------ Material provided ------

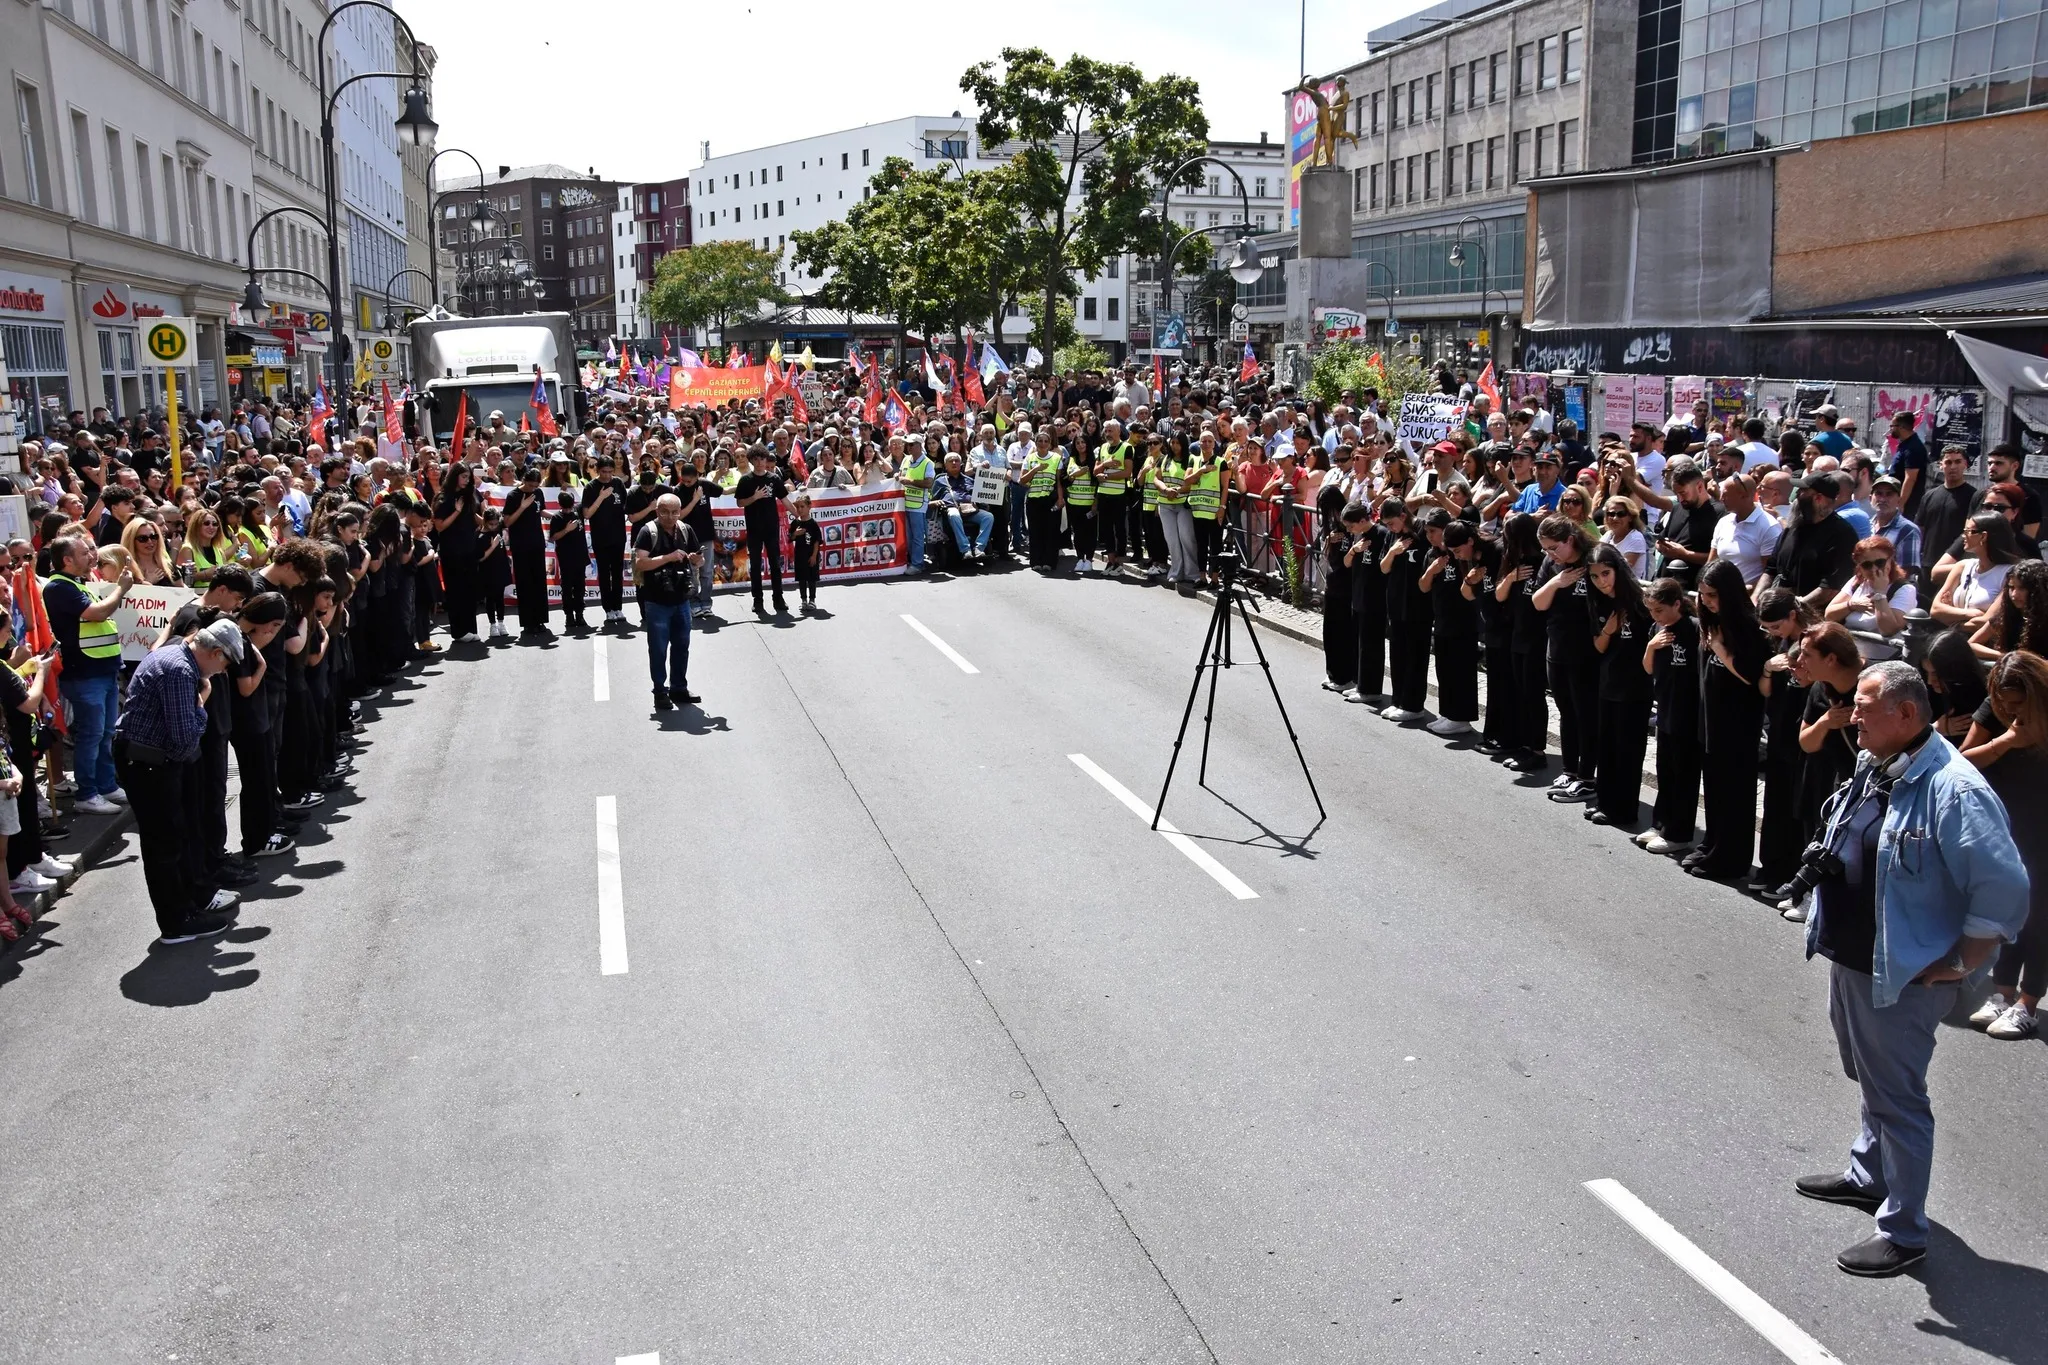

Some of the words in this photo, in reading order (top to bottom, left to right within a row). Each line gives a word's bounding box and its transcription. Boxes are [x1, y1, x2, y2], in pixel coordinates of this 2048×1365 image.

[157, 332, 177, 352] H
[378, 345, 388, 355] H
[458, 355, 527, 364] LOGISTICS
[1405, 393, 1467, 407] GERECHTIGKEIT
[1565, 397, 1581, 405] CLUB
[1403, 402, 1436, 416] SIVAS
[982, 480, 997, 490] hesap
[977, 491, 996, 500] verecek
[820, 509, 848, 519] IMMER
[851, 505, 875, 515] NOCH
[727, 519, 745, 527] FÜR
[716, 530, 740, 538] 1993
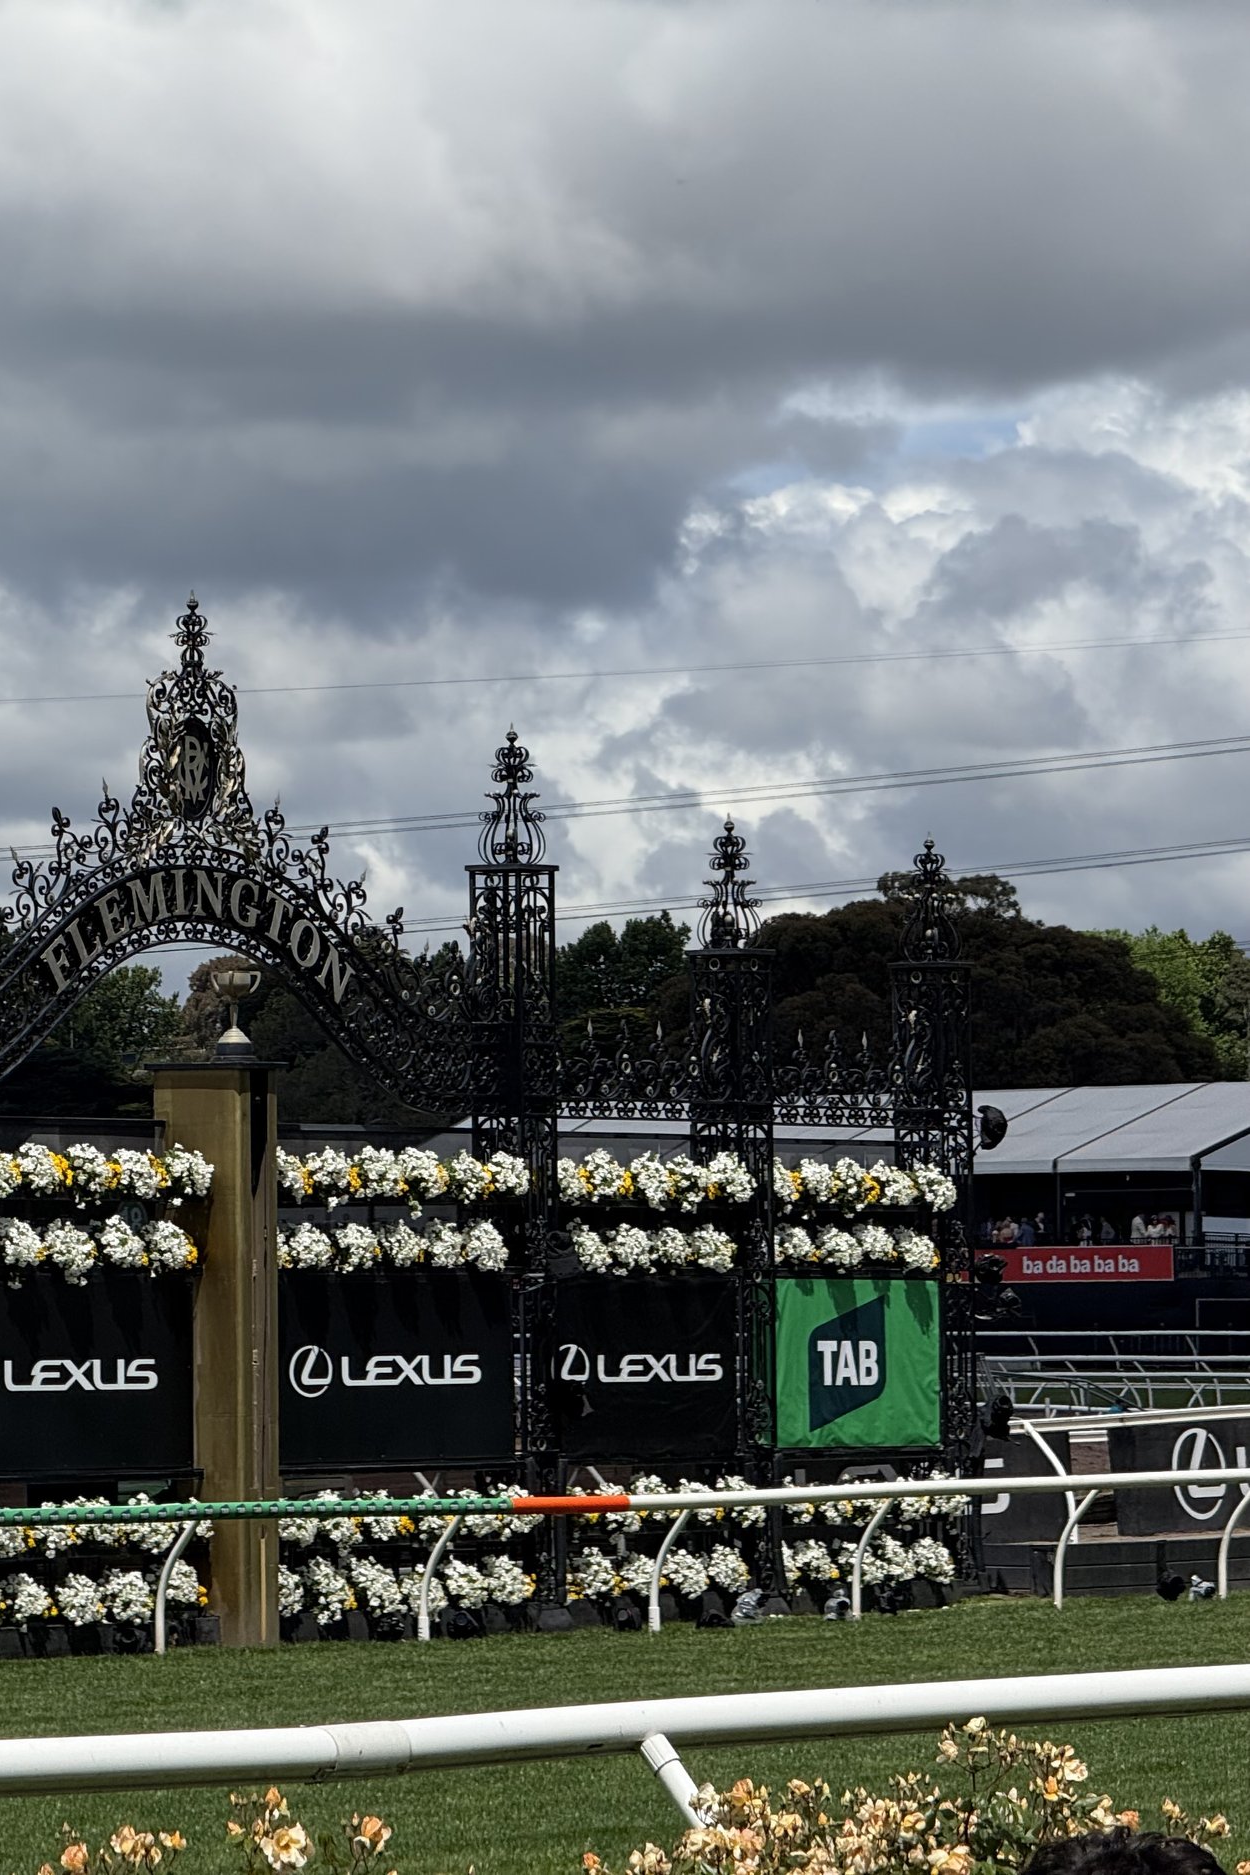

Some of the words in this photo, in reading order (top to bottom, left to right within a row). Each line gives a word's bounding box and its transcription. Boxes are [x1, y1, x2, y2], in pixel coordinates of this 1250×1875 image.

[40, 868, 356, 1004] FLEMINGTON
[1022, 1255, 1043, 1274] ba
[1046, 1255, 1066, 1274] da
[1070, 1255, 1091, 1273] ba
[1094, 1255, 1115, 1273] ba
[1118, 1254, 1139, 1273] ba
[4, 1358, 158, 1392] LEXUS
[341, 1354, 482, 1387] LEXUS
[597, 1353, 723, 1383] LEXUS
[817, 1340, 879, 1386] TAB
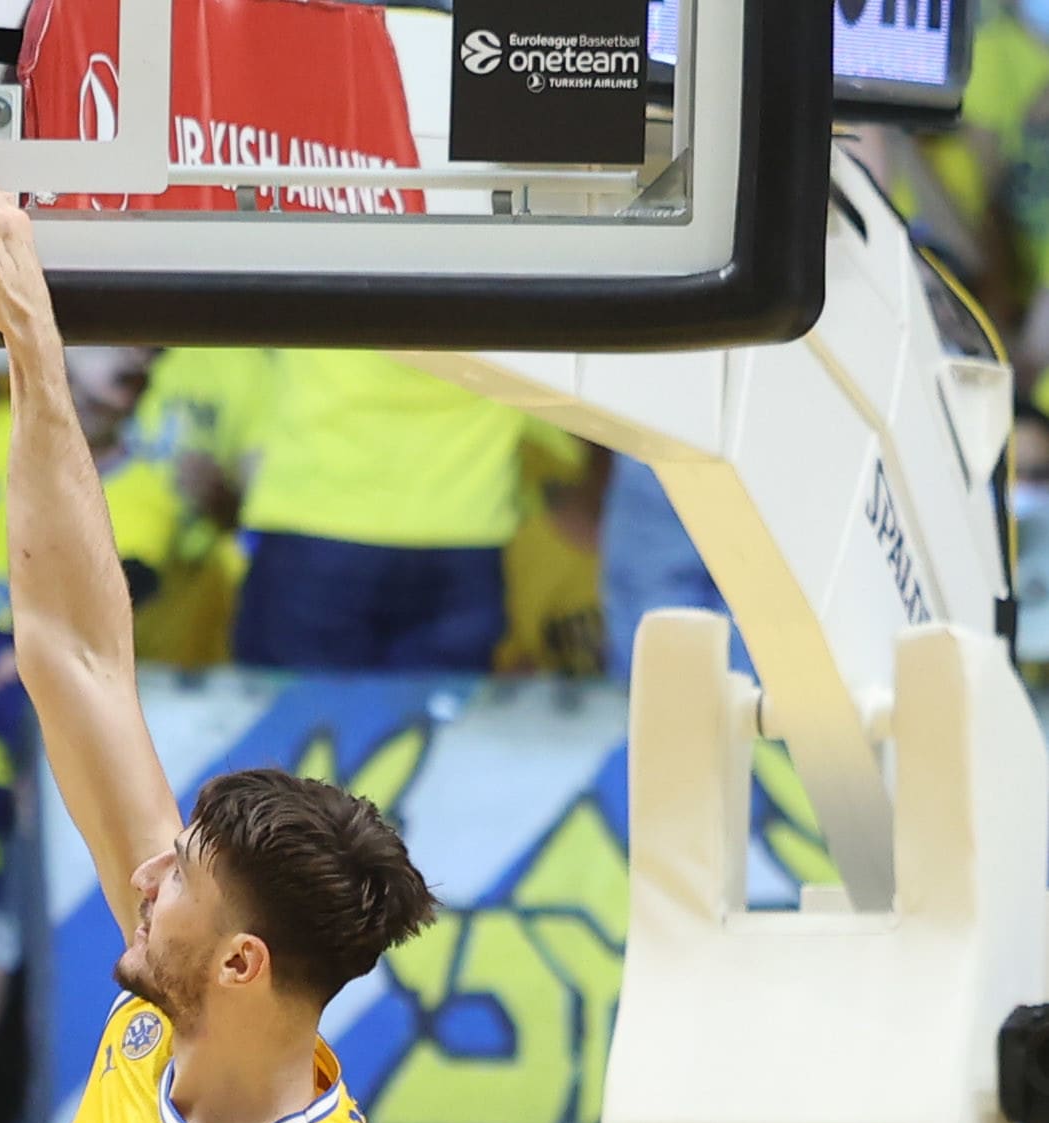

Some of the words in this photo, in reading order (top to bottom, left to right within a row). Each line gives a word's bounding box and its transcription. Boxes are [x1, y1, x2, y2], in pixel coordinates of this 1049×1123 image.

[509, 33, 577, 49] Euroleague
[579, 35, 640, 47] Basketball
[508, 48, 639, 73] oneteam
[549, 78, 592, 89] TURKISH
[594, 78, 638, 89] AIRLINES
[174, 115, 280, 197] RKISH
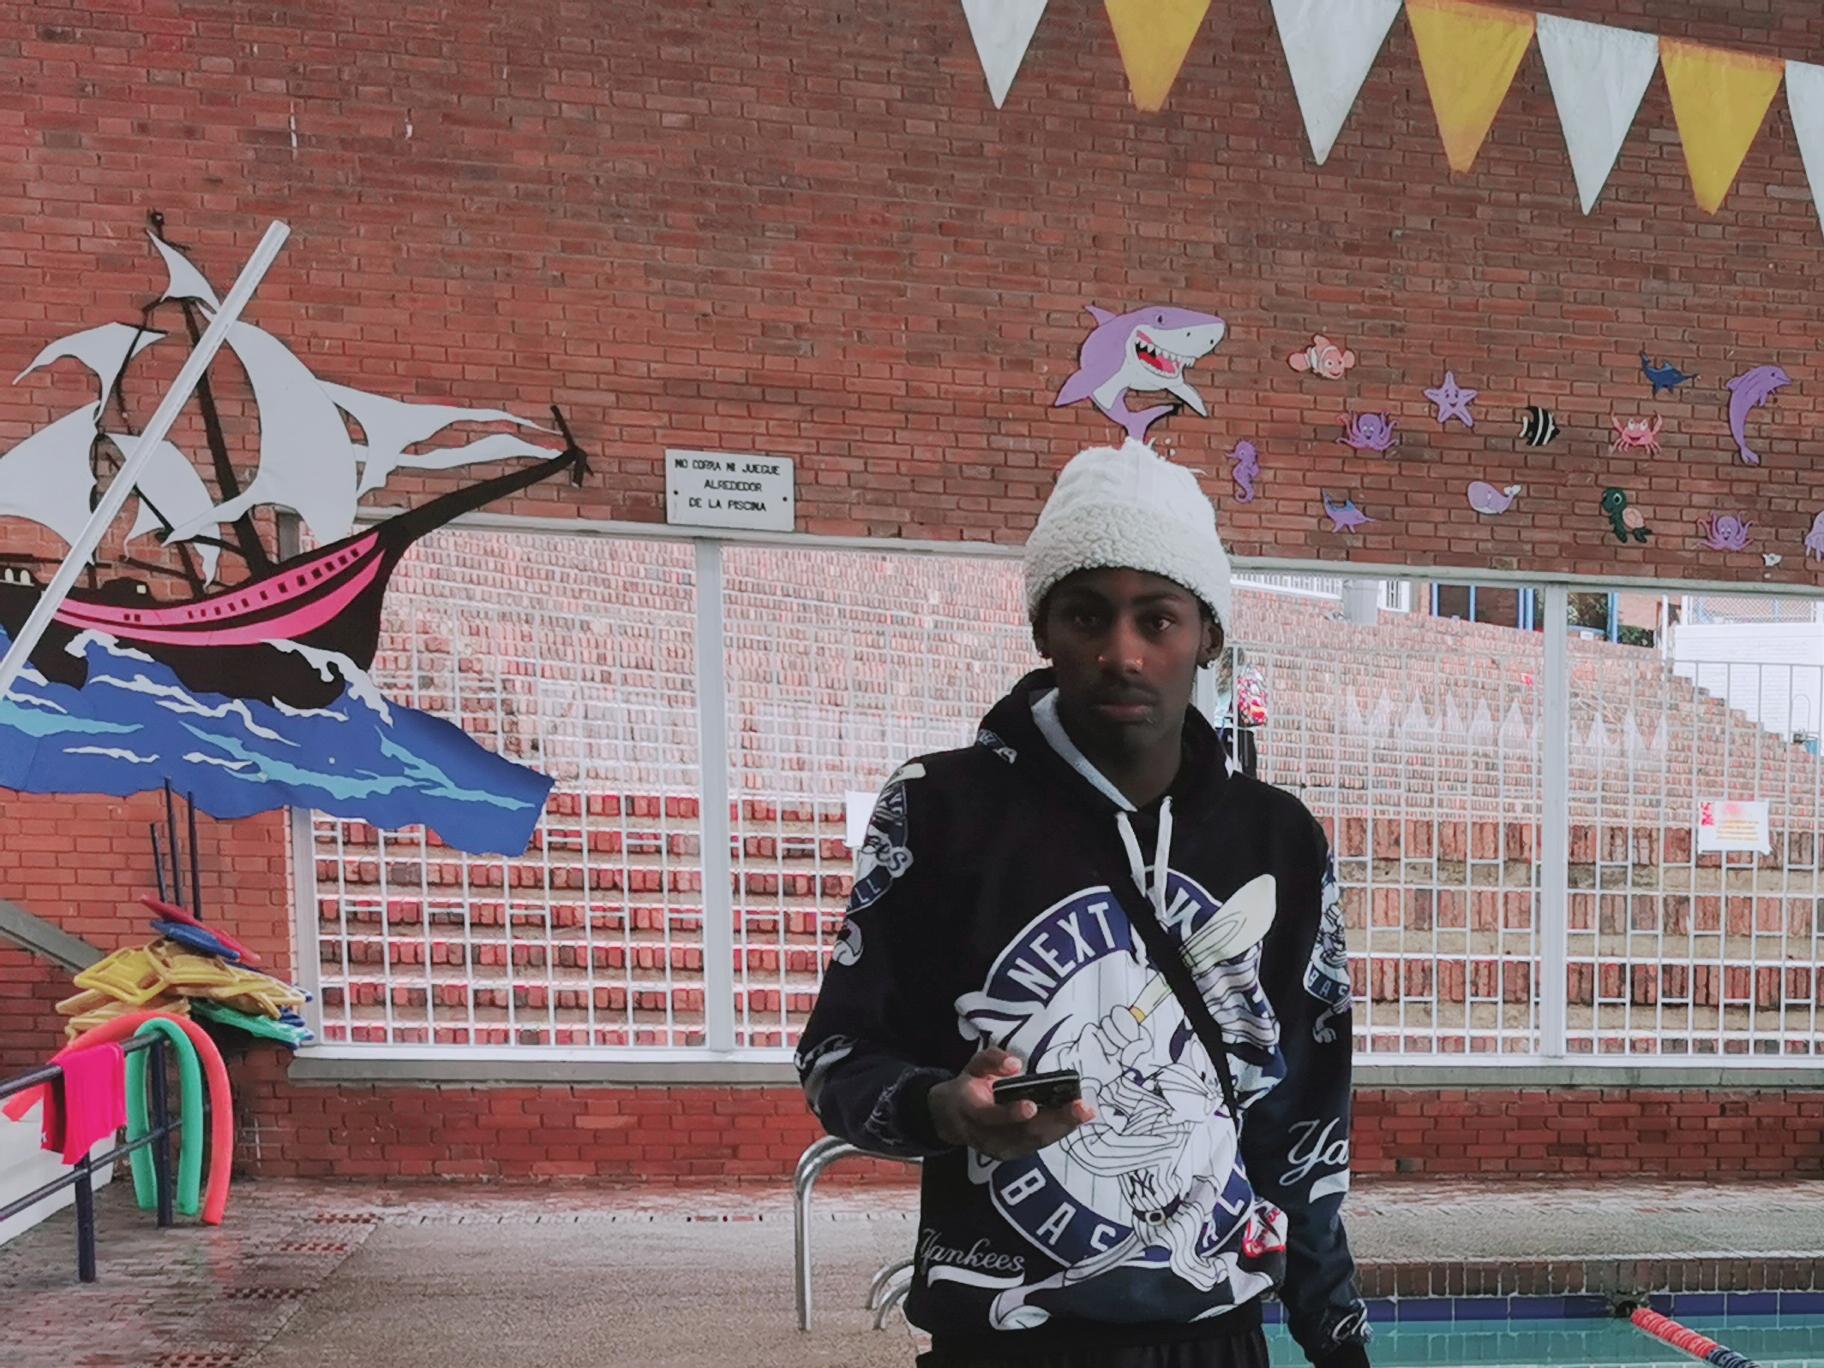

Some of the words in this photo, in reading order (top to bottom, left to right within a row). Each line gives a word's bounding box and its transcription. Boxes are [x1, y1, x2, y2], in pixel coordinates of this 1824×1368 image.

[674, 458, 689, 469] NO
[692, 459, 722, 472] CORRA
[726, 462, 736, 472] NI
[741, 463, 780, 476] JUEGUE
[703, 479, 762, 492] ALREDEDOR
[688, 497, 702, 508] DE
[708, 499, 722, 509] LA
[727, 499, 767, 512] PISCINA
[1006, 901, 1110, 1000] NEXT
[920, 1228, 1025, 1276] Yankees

------

Work item =
Each record above needs to be transcribed word for word, with its pictures omitted.

Response =
Some of the words in this photo, in reading order (top to bottom, left to right within a row). Each line gives a word's bounding box and its transcription. Boxes are [x1, y1, x2, y2], in pixel coordinates of this 2048×1365 image.

[157, 332, 177, 352] H
[378, 345, 388, 355] H
[458, 355, 527, 364] LOGISTICS
[1405, 393, 1467, 407] GERECHTIGKEIT
[1565, 397, 1581, 405] CLUB
[1403, 402, 1436, 416] SIVAS
[982, 480, 997, 490] hesap
[977, 491, 996, 500] verecek
[820, 509, 848, 519] IMMER
[851, 505, 875, 515] NOCH
[727, 519, 745, 527] FÜR
[716, 530, 740, 538] 1993

Some of the words in this photo, in reading order (top to bottom, left to right within a row). Each line gives a word's bounding box and its transcription. Boxes are [x1, y1, x2, y2], in pixel coordinates of this 1250×1875 image.

[40, 868, 356, 1004] FLEMINGTON
[1022, 1255, 1043, 1274] ba
[1046, 1255, 1066, 1274] da
[1070, 1255, 1091, 1273] ba
[1094, 1255, 1115, 1273] ba
[1118, 1254, 1139, 1273] ba
[4, 1358, 158, 1392] LEXUS
[341, 1354, 482, 1387] LEXUS
[597, 1353, 723, 1383] LEXUS
[817, 1340, 879, 1386] TAB

Some of the words in this photo, in reading order (top to bottom, left to right within a row). Each line gives a word's bounding box and its transcription. Boxes are [x1, y1, x2, y2], in pixel coordinates of this 1049×1123 image.

[509, 33, 577, 49] Euroleague
[579, 35, 640, 47] Basketball
[508, 48, 639, 73] oneteam
[549, 78, 592, 89] TURKISH
[594, 78, 638, 89] AIRLINES
[174, 115, 280, 197] RKISH

Some of the words in this photo, in reading order (top to bottom, left to right within a row). Each line gives a word's bounding box and its transcription. Boxes are [x1, y1, x2, y2], in pixel coordinates of this 1824×1368 image.

[674, 458, 689, 469] NO
[692, 459, 722, 472] CORRA
[726, 462, 736, 472] NI
[741, 463, 780, 476] JUEGUE
[703, 479, 762, 492] ALREDEDOR
[688, 497, 702, 508] DE
[708, 499, 722, 509] LA
[727, 499, 767, 512] PISCINA
[1006, 901, 1110, 1000] NEXT
[920, 1228, 1025, 1276] Yankees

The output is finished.